Attendees: Bharath, Peter, Vignesh, Seyone
Summary: Bharath’s spent a good chunk of the last week working on torchchem. This is intended to be a new set of PyTorch models that work with moleculenet. Bharath mentioned that that other next steps were to start factoring moleculenet out into its own repo. The goal of these efforts is to make it easier to use DeepChem’s infrastructure in your own projects (so you can pick and choose which parts you’d actually like to use).
Bharath also briefly mentioned that there were two choices with documentation efforts. One is to focus documentation on the website at https://deepchem.io/. The other is to make separate readthedocs websites for each package. Peter and Vignesh said they were agnostic about either option.
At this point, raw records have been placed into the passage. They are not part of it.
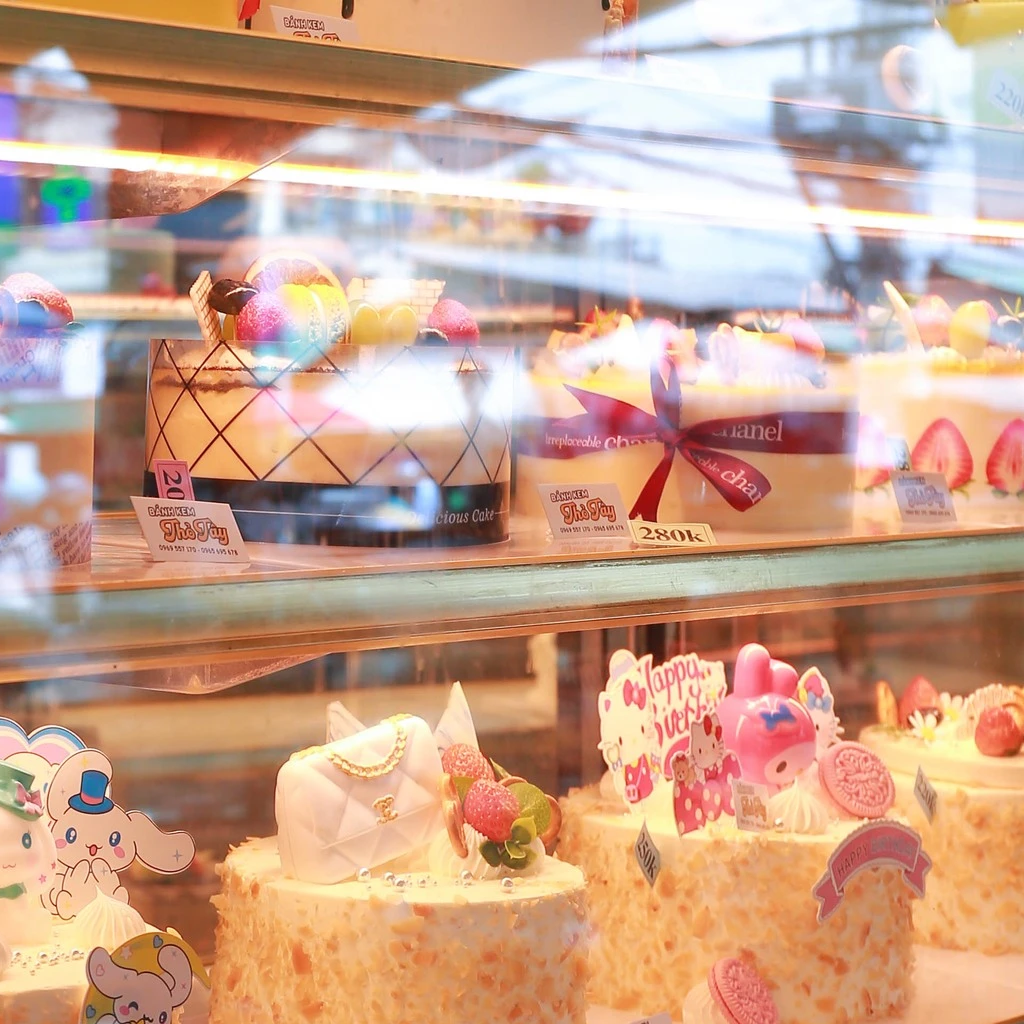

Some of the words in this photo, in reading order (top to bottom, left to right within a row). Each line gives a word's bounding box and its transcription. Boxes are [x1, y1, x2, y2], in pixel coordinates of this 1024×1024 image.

[573, 489, 590, 500] KEM
[176, 507, 196, 517] KEM
[472, 507, 495, 522] Cake
[560, 502, 590, 525] Thỏ
[587, 498, 617, 522] Tây
[160, 518, 196, 543] Thỏ
[193, 517, 229, 546] Tây
[638, 526, 705, 543] 280k
[837, 843, 868, 878] HAPPY
Peter merged in the TensorFlow 2.X transition PR into head! This was a major push forward since it got TensorFlow 2.X support working for most models. However, the graph and atomic convolutions are still broken. Peter mentioned he was going to transition to working on implementing a general multitask convolution class for DeepChem as a change from working on infrastructure. Bharath is going to take a crack at debugging
Vignesh mentioned that he was still busy with thesis work, but should hopefully have some time in a few weeks. He said he’d take a look at the on-going torchchem work (see discussion).
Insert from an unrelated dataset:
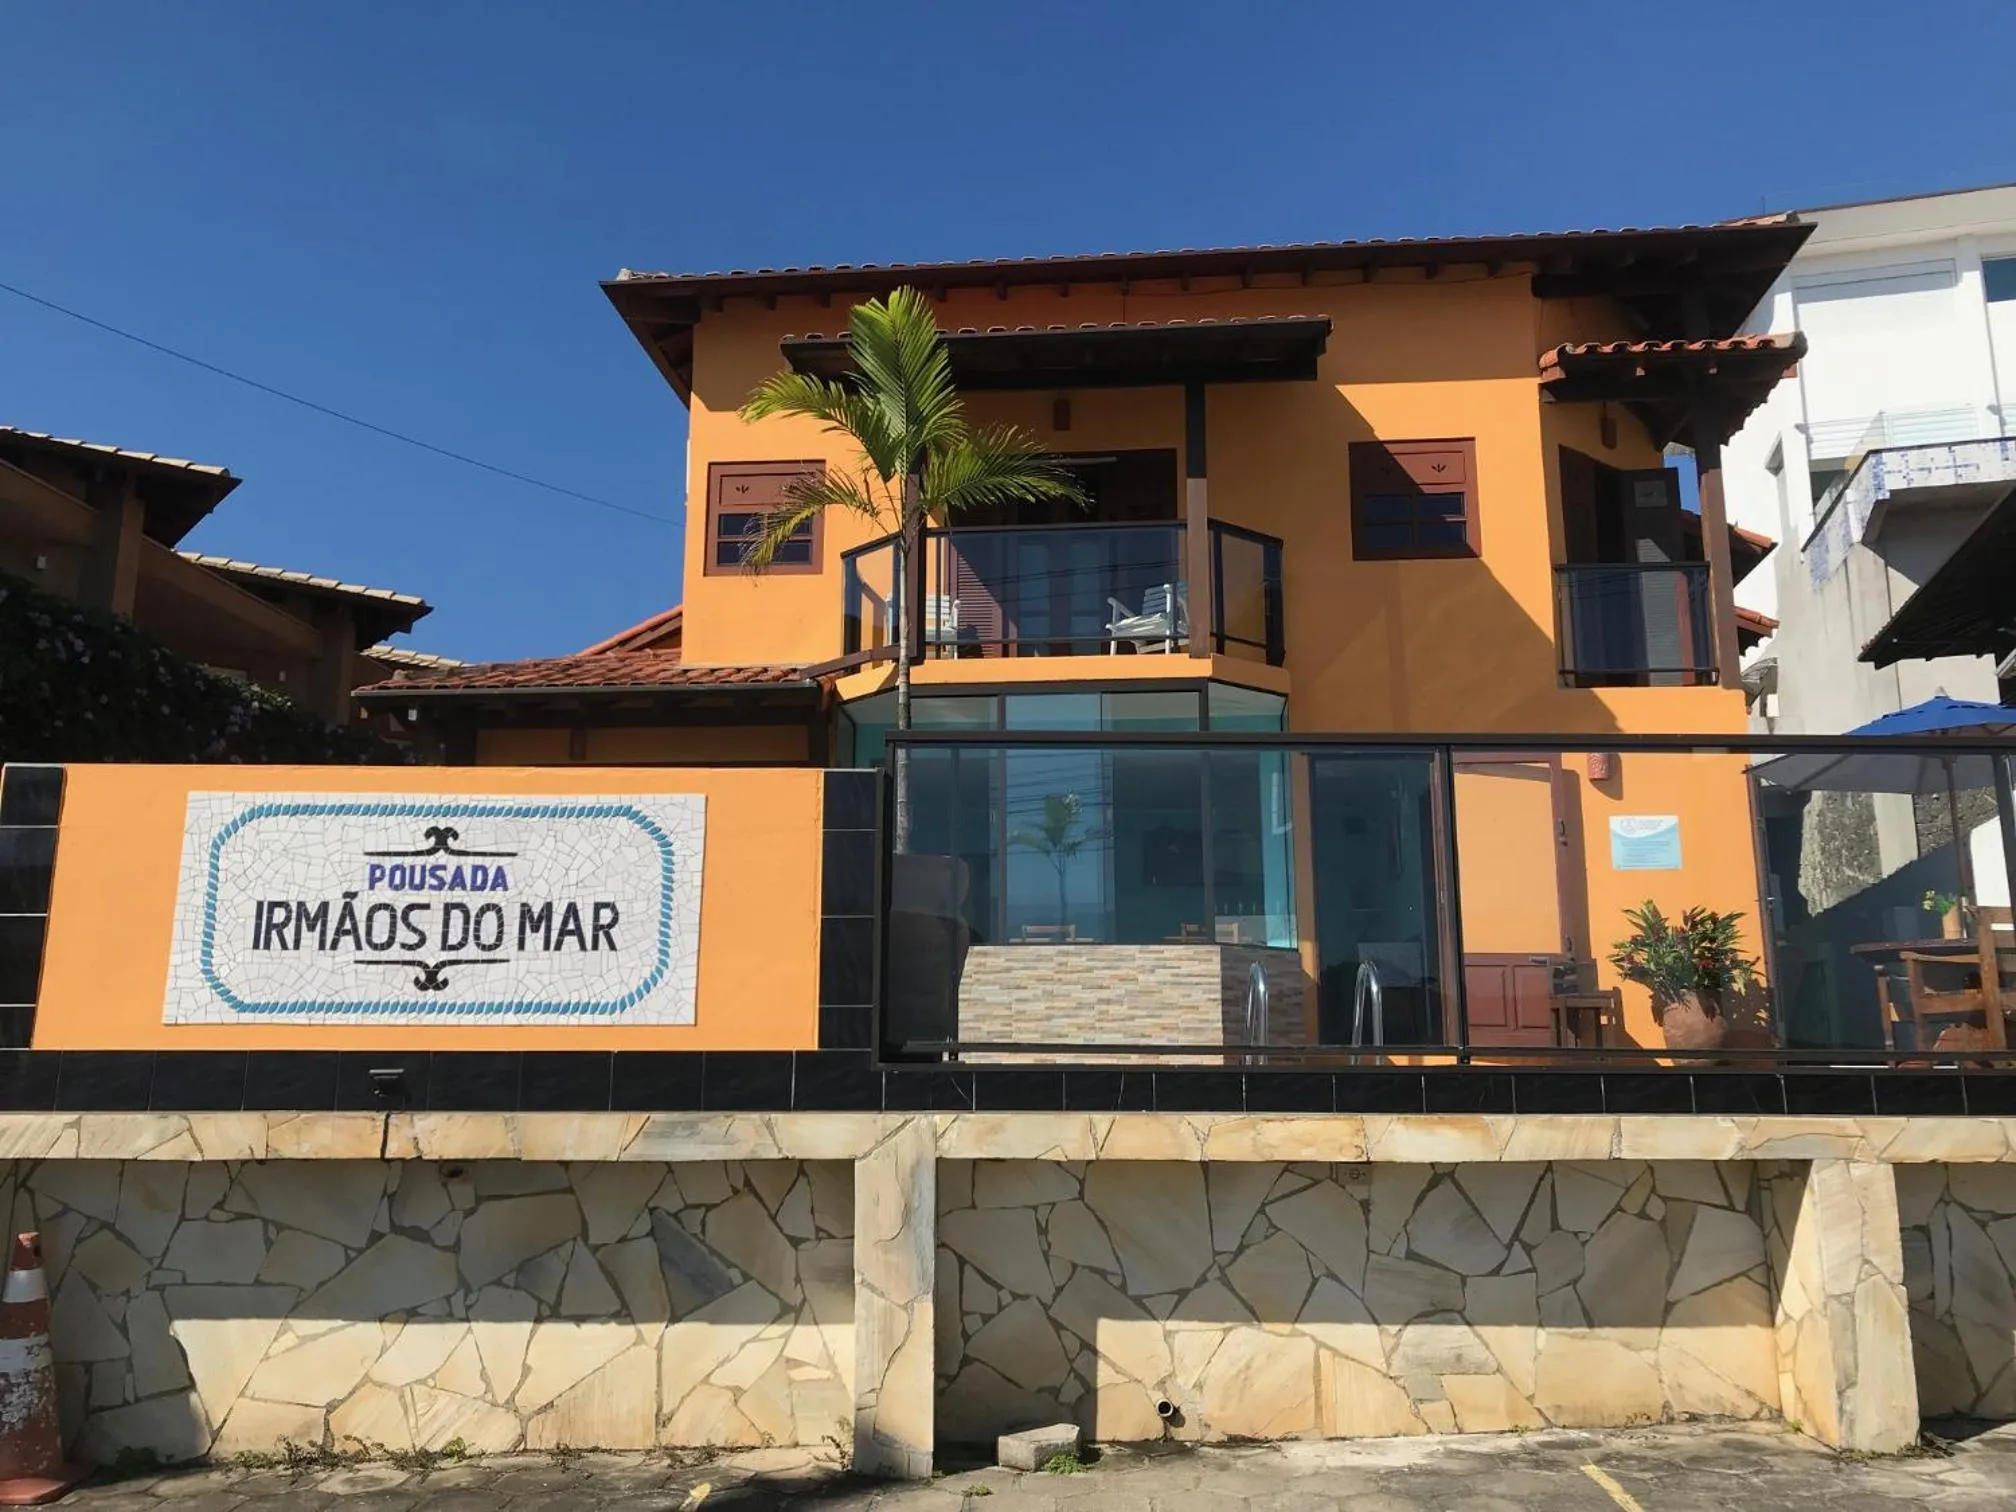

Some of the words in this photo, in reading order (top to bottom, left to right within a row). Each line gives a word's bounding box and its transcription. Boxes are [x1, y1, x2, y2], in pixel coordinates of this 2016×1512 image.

[368, 864, 508, 891] POUSADA
[253, 891, 429, 951] IRMÃOS
[441, 901, 505, 951] DO
[517, 901, 620, 951] MAR
We had a new attendee, Seyone, who’s a student working on molecular machine learning methods. Bharath asked Seyone what parts of the library he’d found useful so far, and Seyone mentioned that the colab notebooks were a very useful resource for newcomers since they eased the installation barriers.
In other miscellaneous updates, DeepChem head shifted support to Python 3.6 and 3.7. This fixed Travis CI issues we were having with some of our libraries not supporting Python 3.5.